[Extracted material]:
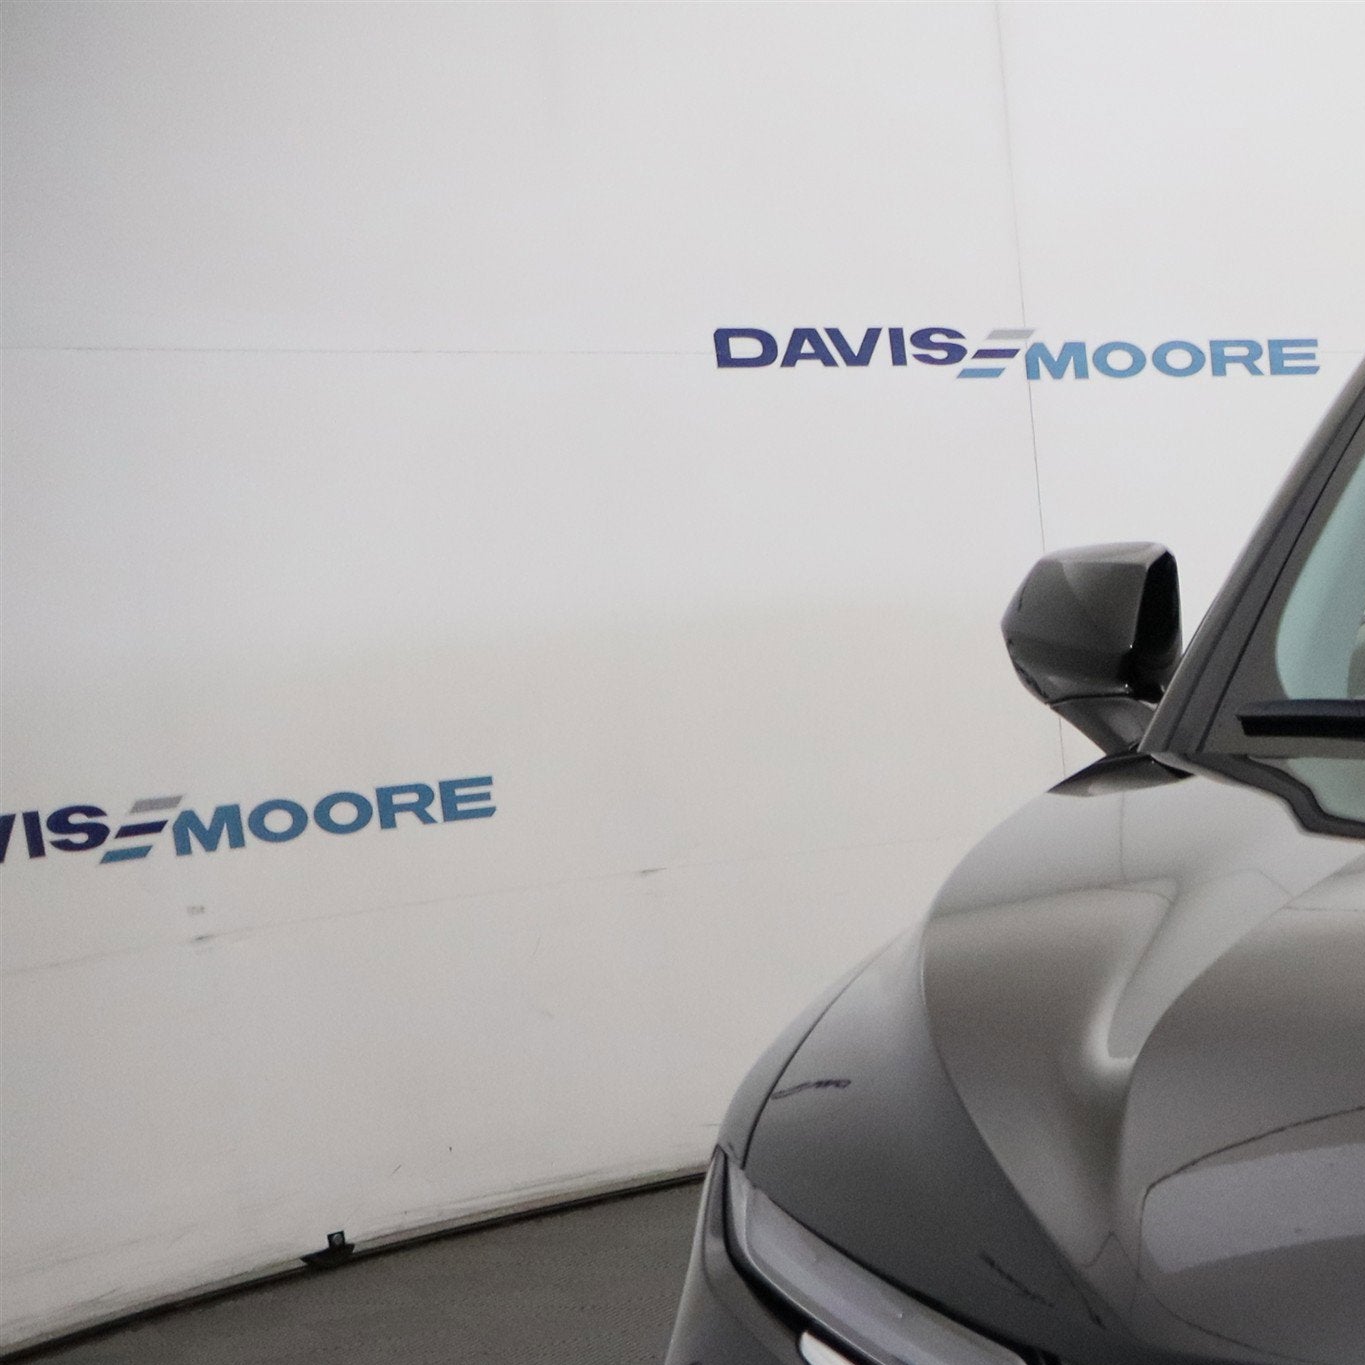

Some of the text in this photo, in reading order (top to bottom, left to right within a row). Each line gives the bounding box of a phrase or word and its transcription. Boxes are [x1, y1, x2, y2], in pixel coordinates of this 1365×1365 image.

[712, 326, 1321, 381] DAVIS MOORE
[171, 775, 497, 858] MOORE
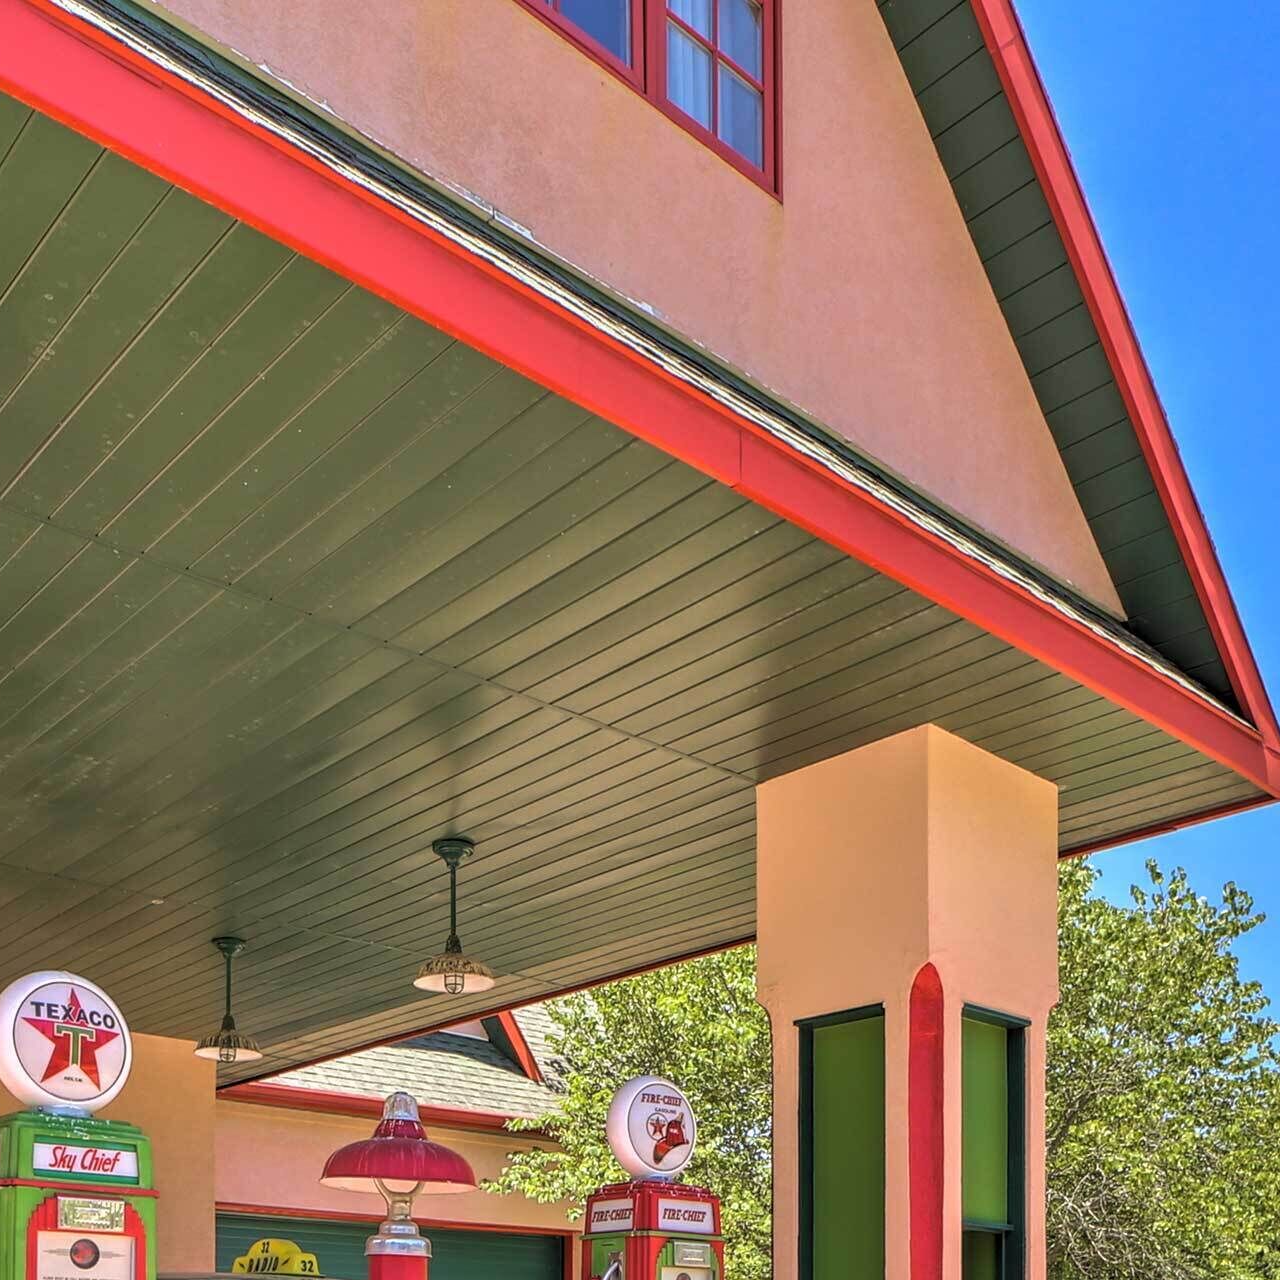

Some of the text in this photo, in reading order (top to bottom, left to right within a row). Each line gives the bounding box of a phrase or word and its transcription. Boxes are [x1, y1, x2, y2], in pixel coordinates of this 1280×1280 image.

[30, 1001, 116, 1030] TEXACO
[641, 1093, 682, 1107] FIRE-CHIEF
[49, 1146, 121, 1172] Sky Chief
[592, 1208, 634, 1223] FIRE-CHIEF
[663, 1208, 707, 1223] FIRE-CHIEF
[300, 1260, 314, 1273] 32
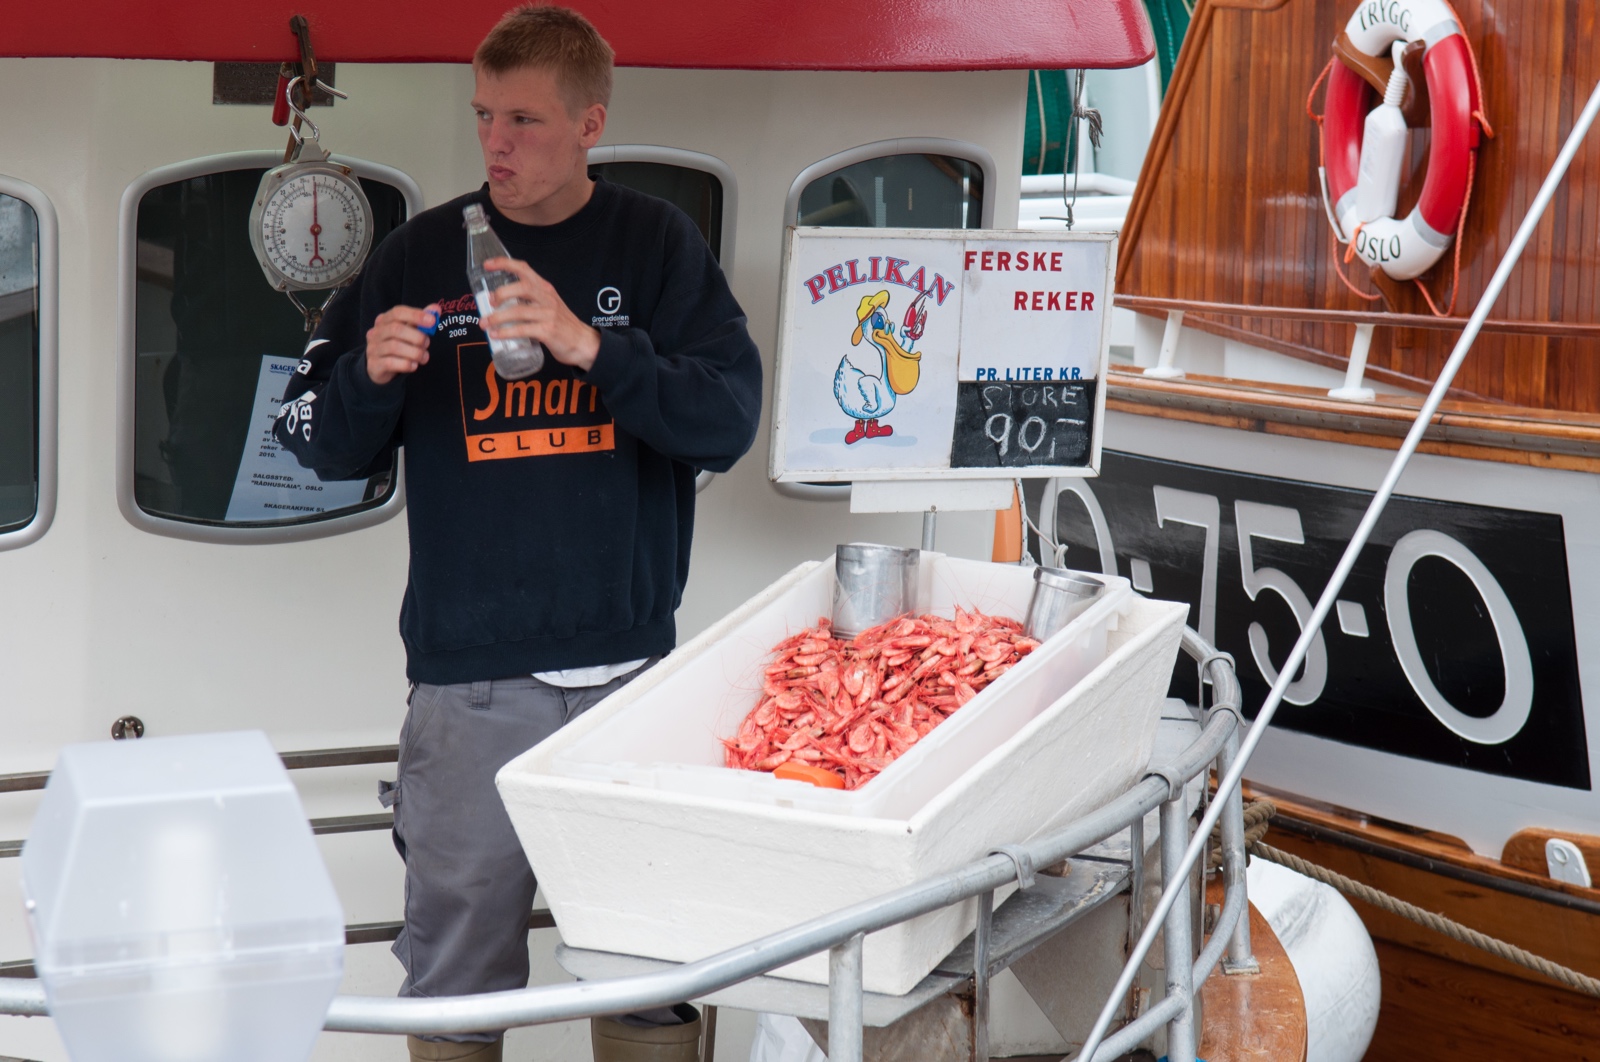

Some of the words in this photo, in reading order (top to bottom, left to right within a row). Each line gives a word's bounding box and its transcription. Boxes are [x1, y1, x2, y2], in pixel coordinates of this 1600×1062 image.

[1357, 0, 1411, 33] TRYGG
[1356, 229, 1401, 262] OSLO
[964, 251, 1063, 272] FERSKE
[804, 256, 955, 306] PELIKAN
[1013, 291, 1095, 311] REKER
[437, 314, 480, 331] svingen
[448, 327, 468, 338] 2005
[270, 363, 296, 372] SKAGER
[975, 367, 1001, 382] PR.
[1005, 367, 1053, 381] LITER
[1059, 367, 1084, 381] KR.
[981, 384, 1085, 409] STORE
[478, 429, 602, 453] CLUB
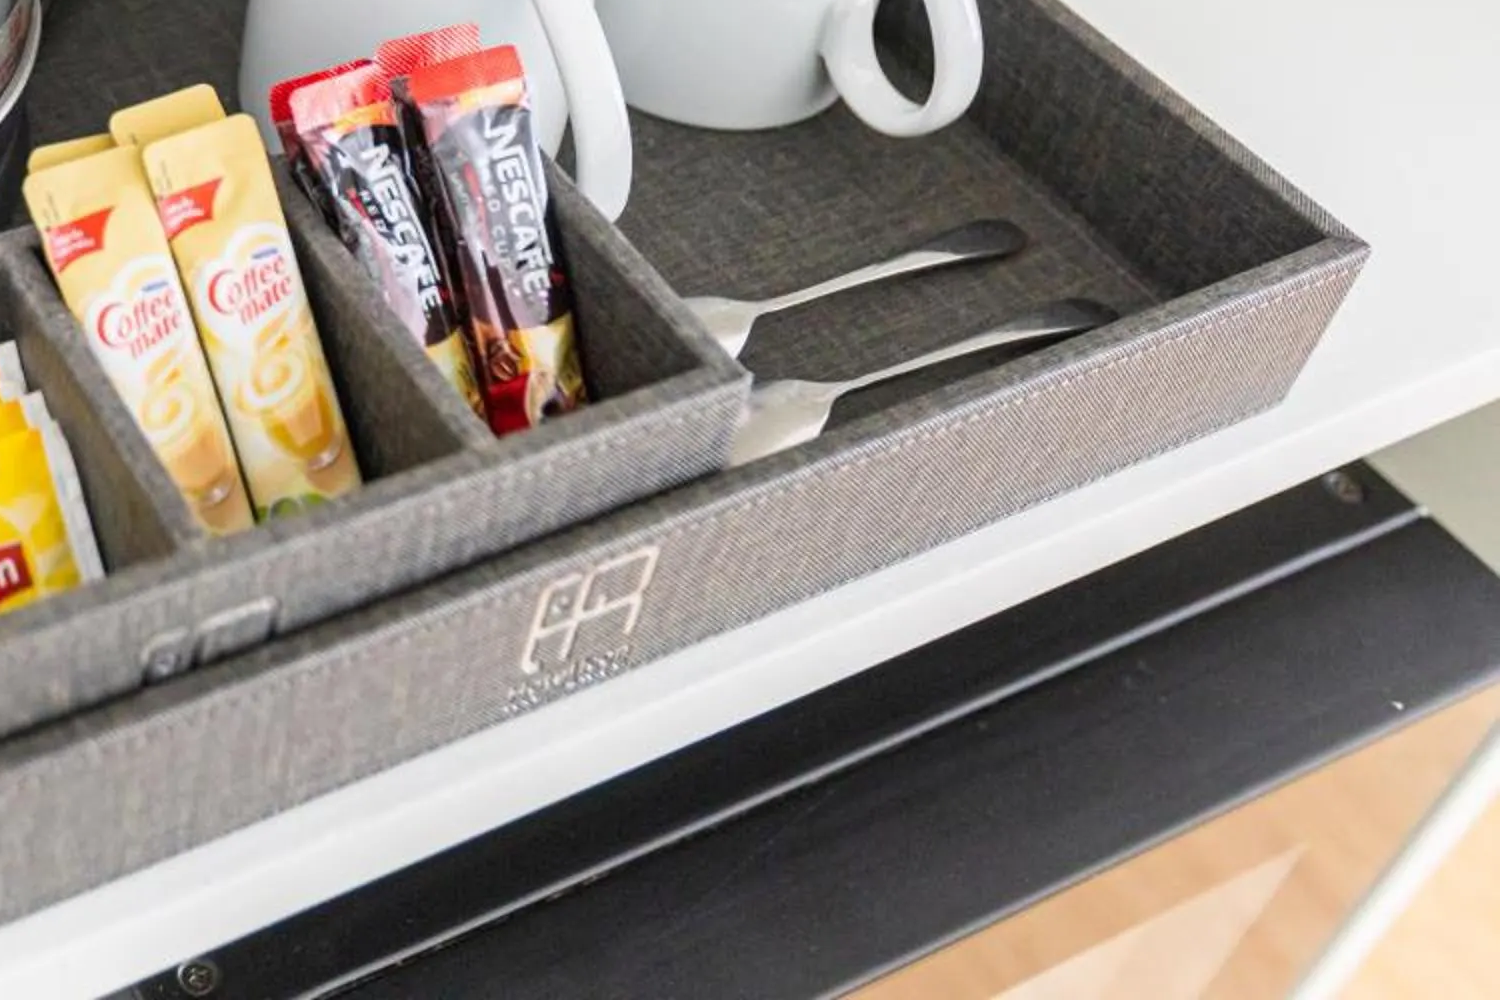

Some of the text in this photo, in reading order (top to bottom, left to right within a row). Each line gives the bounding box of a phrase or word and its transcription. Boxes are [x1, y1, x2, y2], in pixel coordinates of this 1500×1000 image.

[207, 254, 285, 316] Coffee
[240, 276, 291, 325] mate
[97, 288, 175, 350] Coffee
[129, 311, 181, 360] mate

[What to produce]:
Copy the records exactly as they appear, excluding images.

[Expected answer]:
Some of the text in this photo, in reading order (top to bottom, left to right within a row). Each line gives the bounding box of a phrase or word and its transcription. Boxes are [x1, y1, x2, y2], in pixel coordinates of this 1365×1365 image.

[712, 326, 1321, 381] DAVIS MOORE
[171, 775, 497, 858] MOORE

Some of the text in this photo, in reading order (top to bottom, left to right within a row). Each line gives the bounding box of a phrase or word and its transcription. Boxes are [x1, y1, x2, y2], in pixel coordinates of this 1280×1280 image.

[30, 1001, 116, 1030] TEXACO
[641, 1093, 682, 1107] FIRE-CHIEF
[49, 1146, 121, 1172] Sky Chief
[592, 1208, 634, 1223] FIRE-CHIEF
[663, 1208, 707, 1223] FIRE-CHIEF
[300, 1260, 314, 1273] 32

Some of the words in this photo, in reading order (top to bottom, left to right within a row). Each line gives a word's bounding box and its transcription. Boxes are [x1, y1, x2, y2], in pixel coordinates of this 1600×1062 image.

[1357, 0, 1411, 33] TRYGG
[1356, 229, 1401, 262] OSLO
[964, 251, 1063, 272] FERSKE
[804, 256, 955, 306] PELIKAN
[1013, 291, 1095, 311] REKER
[437, 314, 480, 331] svingen
[448, 327, 468, 338] 2005
[270, 363, 296, 372] SKAGER
[975, 367, 1001, 382] PR.
[1005, 367, 1053, 381] LITER
[1059, 367, 1084, 381] KR.
[981, 384, 1085, 409] STORE
[478, 429, 602, 453] CLUB

Some of the text in this photo, in reading order (top to bottom, left to right within a row). Each line gives the bounding box of a phrase or word and its transcription. Boxes are [x1, y1, x2, y2], in pixel coordinates of this 1500×1000 image.

[207, 254, 285, 316] Coffee
[240, 276, 291, 325] mate
[97, 288, 175, 350] Coffee
[129, 311, 181, 360] mate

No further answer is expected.